Abraça Silva por trás apaixonadamente. Ele se vira, ensaiam uns passinhos de dança.
Silva, olhando para Maria.
Silva
Canta pra mim?
Maria canta.
Silva a beija quando ela termina.
Cena 09 - Rodoferroviária de Brasília – Dia
Maria sentada, espera. Apesar da dor que trás sempre no fundo do seu olhar Maria está mais bela, um pouco de maquiagem, roupa mais alegre.

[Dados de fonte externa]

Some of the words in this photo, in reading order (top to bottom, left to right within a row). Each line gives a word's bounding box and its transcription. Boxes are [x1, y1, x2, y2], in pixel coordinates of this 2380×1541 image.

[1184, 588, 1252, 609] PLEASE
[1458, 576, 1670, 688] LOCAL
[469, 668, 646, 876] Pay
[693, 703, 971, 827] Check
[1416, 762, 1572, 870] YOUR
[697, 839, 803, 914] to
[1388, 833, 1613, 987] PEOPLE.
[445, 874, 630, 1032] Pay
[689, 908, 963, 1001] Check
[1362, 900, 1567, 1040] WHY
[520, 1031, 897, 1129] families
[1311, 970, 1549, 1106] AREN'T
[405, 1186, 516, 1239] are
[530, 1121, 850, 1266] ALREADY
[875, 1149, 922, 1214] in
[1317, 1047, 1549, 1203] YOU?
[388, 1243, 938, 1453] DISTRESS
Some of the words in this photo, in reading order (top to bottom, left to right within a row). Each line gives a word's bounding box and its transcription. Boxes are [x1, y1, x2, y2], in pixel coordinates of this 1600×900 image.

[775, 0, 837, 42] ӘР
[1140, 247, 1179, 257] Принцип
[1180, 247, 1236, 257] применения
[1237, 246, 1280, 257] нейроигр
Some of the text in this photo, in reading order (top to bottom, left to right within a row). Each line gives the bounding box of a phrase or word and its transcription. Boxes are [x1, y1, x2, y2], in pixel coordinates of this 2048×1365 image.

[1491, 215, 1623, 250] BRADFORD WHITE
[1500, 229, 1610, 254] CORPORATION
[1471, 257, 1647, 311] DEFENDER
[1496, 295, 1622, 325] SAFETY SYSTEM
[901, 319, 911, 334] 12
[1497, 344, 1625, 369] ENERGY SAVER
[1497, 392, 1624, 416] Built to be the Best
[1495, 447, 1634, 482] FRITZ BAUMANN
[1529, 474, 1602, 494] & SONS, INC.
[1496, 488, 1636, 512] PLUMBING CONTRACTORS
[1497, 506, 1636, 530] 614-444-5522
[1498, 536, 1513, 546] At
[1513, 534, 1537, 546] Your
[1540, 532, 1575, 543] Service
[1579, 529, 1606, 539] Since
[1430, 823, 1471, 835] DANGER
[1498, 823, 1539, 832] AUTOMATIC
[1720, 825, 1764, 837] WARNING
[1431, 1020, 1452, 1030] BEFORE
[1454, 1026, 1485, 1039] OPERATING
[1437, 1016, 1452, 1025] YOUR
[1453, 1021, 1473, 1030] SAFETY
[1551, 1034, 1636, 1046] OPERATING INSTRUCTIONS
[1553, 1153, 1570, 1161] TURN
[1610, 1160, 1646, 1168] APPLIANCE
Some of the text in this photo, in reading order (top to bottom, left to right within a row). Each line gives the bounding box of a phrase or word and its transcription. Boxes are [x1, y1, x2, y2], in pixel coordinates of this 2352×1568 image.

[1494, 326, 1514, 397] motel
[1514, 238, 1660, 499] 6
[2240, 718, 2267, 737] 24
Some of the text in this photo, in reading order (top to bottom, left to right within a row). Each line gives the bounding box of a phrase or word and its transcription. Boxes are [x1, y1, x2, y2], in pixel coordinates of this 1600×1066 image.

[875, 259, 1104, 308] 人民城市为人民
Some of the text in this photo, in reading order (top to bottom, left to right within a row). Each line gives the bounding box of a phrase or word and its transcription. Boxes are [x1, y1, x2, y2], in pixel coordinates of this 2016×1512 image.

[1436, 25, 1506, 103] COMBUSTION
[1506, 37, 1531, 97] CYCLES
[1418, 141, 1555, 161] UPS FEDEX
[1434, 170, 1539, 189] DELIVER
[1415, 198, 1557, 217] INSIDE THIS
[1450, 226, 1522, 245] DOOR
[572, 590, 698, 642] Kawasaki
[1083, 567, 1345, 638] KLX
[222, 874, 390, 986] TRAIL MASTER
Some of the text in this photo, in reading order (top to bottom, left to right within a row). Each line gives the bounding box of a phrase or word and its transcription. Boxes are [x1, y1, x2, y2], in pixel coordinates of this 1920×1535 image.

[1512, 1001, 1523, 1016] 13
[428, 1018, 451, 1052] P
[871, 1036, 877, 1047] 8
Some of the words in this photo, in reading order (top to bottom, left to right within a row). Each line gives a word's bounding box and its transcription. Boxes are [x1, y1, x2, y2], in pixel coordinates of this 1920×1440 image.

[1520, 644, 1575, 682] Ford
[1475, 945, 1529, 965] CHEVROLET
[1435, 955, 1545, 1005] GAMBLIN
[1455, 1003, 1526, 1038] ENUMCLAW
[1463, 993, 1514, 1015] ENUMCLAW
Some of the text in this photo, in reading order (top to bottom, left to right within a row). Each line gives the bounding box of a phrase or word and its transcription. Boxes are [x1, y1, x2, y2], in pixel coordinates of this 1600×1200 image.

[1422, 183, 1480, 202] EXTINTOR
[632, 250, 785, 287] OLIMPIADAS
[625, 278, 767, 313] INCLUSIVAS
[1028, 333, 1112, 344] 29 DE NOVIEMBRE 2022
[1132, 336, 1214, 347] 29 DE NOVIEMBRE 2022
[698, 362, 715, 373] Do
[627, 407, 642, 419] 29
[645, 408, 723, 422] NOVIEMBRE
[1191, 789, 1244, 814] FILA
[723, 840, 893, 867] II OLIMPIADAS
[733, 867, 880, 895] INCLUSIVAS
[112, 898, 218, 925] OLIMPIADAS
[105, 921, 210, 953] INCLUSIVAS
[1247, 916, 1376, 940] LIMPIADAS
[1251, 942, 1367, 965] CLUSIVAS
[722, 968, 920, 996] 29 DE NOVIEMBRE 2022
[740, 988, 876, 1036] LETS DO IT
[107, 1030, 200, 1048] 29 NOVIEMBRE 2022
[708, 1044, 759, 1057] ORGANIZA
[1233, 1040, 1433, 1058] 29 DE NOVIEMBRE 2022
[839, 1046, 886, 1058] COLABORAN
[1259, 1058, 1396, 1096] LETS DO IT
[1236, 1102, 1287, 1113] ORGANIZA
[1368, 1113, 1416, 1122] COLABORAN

Donato, porteiro, a observa.
Ele come milho cozido.
Aproxima-se e se senta ao lado de Maria.
Donato
Você gosta daqui?
Maria
Por quê?
Donato
Não, é porque eu não gosto daqui não. Da rodoviária, não gosto não, mas eu tava falando é daqui dessa cidade, muita grade. Onde você mora tem grade?
Maria (pensa um pouco)
Talvez.
Donato
Talvez?! Ou tem grade ou não tem grade. A moça tem um jeito de falar estranho.
Maria ri.
Donato
Eu sou porteiro. Eu trabalho dentro da grade. Eu controlo quem tá dentro e quem tá fora da grade. Sim, o senhor pode entrar, não, você não pode subir. Tô esperando chegar um primo que vem trabalhar de
porteiro.
Maria
Você é engraçado.
Donato estende a mão.
Donato
Eu me chamo Donato.
Maria constrangida não pega, apenas responde sem graça.
Maria
Maria.
Donato
E eu que pensei que você não ia rir nunca. Quer milho?
Maria faz que não.
Maria olha para um ônibus que chega com algumas pessoas,
Silva não está entre elas mais uma vez.
Donato
E a moça, também ta esperando alguém?
Maria
E a gente não tá sempre esperando alguém nessa vida?!
Donato
Olhe, chegou meu primo. Como faço pra ver a moça de novo?
Maria
Por aqui.
Donato sai e de longe vemos ele e o primo se abraçando.
Maria olha em volta e percebe que não pertence a aquele lugar, ou a qualquer outro. Escuta o rádio que diz que estamos prestes a chegar a mais um Réveillon, se dá conta do tempo que está ali. No rádio começa a tocar a música que Maria cantou aquele dia pra Silva na varanda de sua casa.
Maria
A música, aumenta a música.
Didi, aumenta essa droga.
Didi aumenta a música que ganha força e enche o lugar.
Maria escuta a música, canta, dança como se dançasse com Silva.
Didi caminha em sua direção falando com Maria aos berros.
Didi
Não vai voltar Maria, não faz sentido, não sei. Deve tá morto, com outra família. Todo esse tempo, nenhum sinal. Maria, chega, você não tá bem.
Maria (agressiva)
Eu tô bem, eu só tô esperando, não vai voltar?! Você fala isso porque é sozinha. Cadê seu homem hein Didi, cadê?!
Didi
Que dia você vai desistir disso?
As duas choram.
Maria começa a caminhar em direção aos trilhos da ferrovia.
Maria chega aos trilhos.
Começa a pular nos trilhos como se fossem casas de uma amarelinha. Em seu delírio, joga a pedrinha que cai na casa 8, ela segue pulando e vê a posição Céu e uma aliança.
Ela chega até lá, se abaixa, pega a aliança e se vira sorrindo.
Em off ouvimos.
Eu me chamo Maria.
Ouvimos o barulho do trem que chega.